# Exercise
Write out every record below exactly as it stands, leaving the pictures out.

Start of Records shown

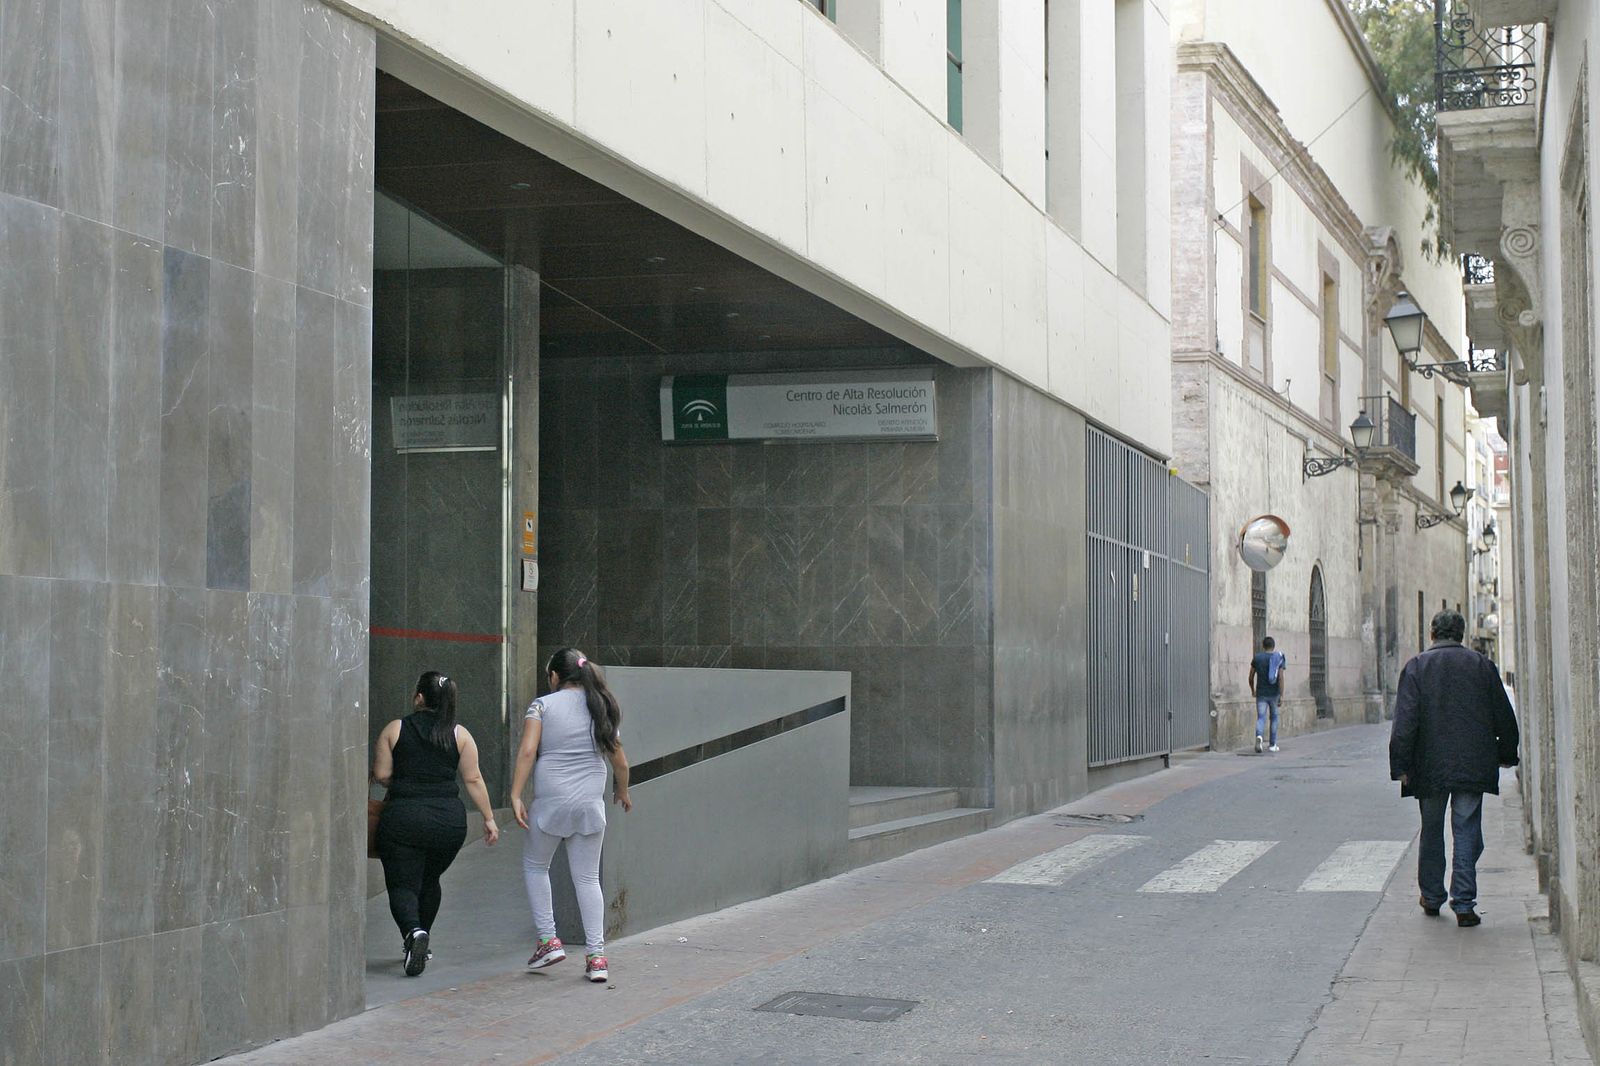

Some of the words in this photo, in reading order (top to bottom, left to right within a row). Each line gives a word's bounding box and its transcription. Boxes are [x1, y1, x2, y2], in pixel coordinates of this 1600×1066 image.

[786, 389, 822, 402] Centro
[825, 389, 840, 400] de
[843, 388, 864, 400] Alta
[867, 386, 926, 399] Resolución
[833, 402, 872, 415] Nicolás
[875, 402, 926, 414] Salmerón

End of Records shown

# Expected output
Some of the words in this photo, in reading order (top to bottom, left to right within a row). Each line gives a word's bounding box and its transcription. Boxes are [x1, y1, x2, y2], in pixel coordinates of this 1600×1066 image.

[786, 389, 822, 402] Centro
[825, 389, 840, 400] de
[843, 388, 864, 400] Alta
[867, 386, 926, 399] Resolución
[833, 402, 872, 415] Nicolás
[875, 402, 926, 414] Salmerón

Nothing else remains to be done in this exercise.